Keep each entry exactly as written when you repeat it, and skip the images.

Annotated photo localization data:

◇ ◇ ◇ ◇ ◇

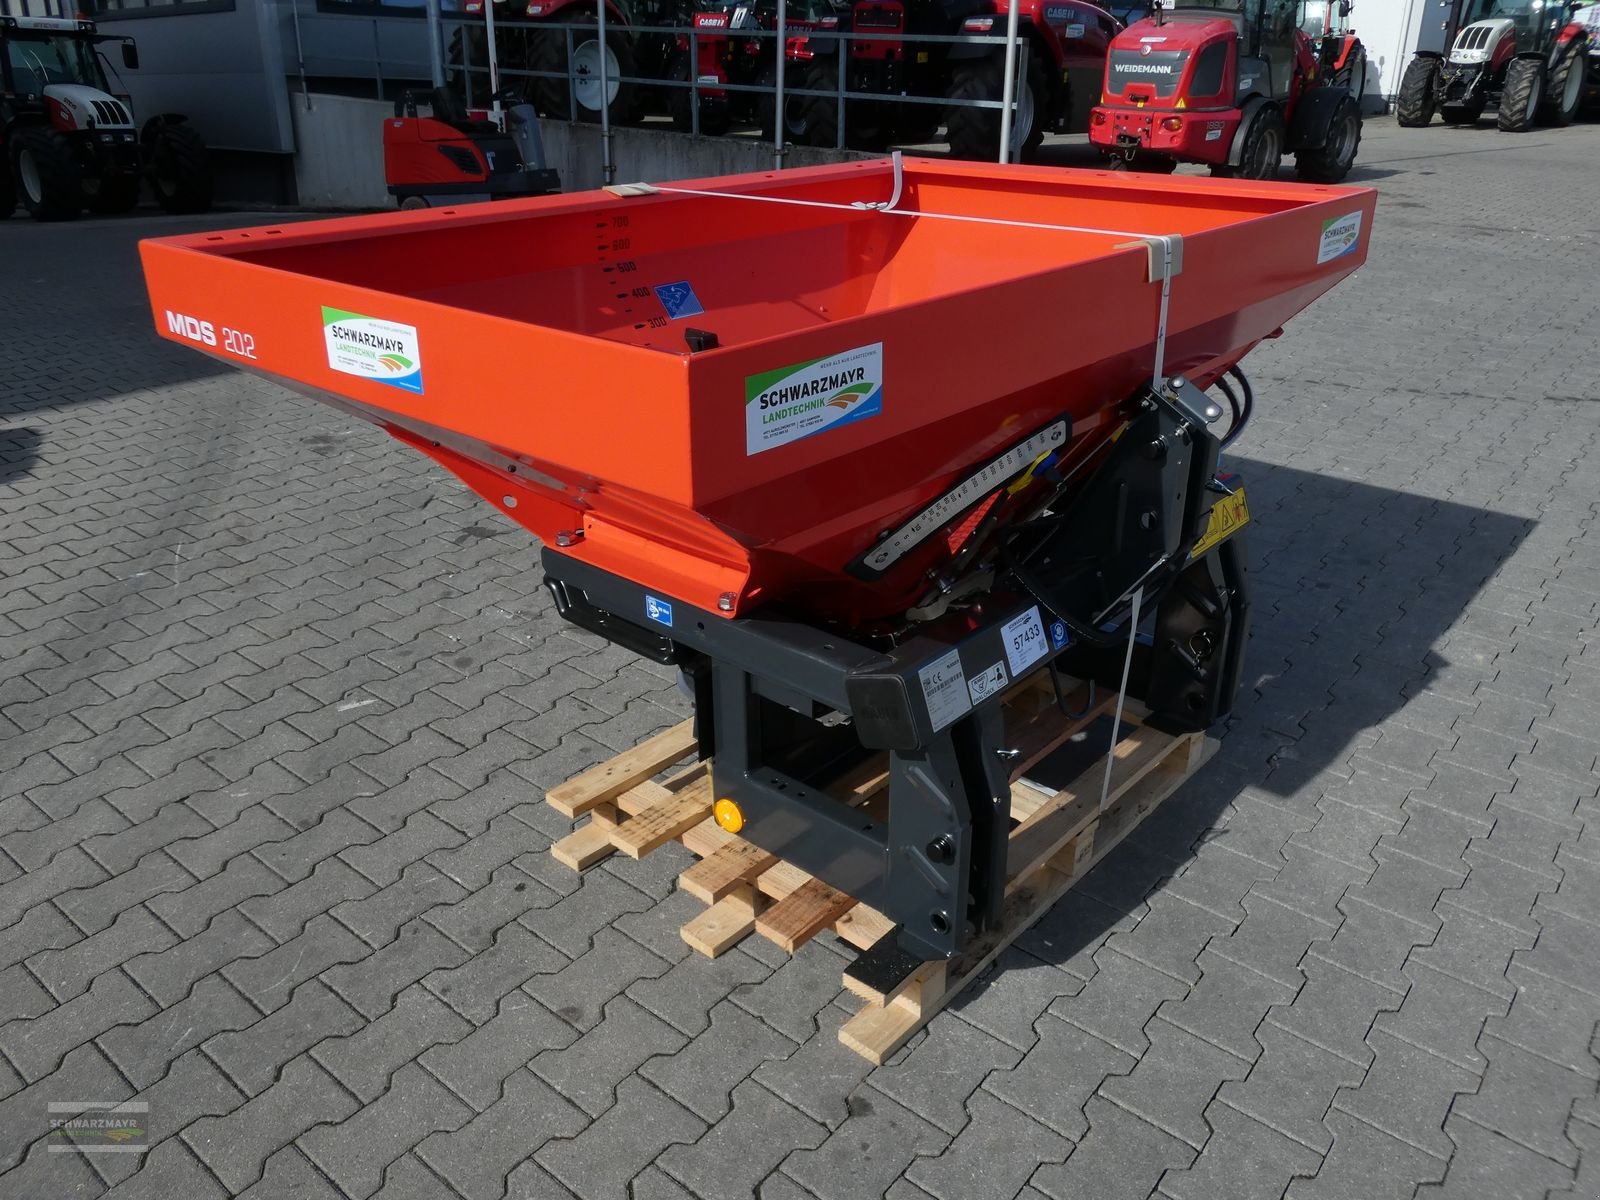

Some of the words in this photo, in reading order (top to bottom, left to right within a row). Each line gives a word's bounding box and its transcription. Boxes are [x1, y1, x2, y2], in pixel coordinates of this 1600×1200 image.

[1115, 64, 1171, 73] WEIDEMANN
[612, 216, 629, 228] 700
[612, 238, 630, 250] 600
[617, 262, 637, 273] 500
[632, 287, 650, 298] 400
[647, 316, 667, 328] 300
[166, 310, 217, 346] MDS
[222, 327, 257, 360] 20.2
[332, 325, 404, 354] SCHWARZMAYR
[336, 342, 377, 360] LANDTECHNIK
[760, 367, 865, 410] SCHWARZMAYR
[762, 398, 826, 424] LANDTECHNIK
[1013, 624, 1040, 650] 57433

◇ ◇ ◇ ◇ ◇

# Written solution
Some of the words in this photo, in reading order (top to bottom, left to right within a row). Each line gives a word's bounding box and its transcription. Boxes are [x1, y1, x2, y2], in pixel coordinates of this 1600×1200 image.

[1115, 64, 1171, 73] WEIDEMANN
[612, 216, 629, 228] 700
[612, 238, 630, 250] 600
[617, 262, 637, 273] 500
[632, 287, 650, 298] 400
[647, 316, 667, 328] 300
[166, 310, 217, 346] MDS
[222, 327, 257, 360] 20.2
[332, 325, 404, 354] SCHWARZMAYR
[336, 342, 377, 360] LANDTECHNIK
[760, 367, 865, 410] SCHWARZMAYR
[762, 398, 826, 424] LANDTECHNIK
[1013, 624, 1040, 650] 57433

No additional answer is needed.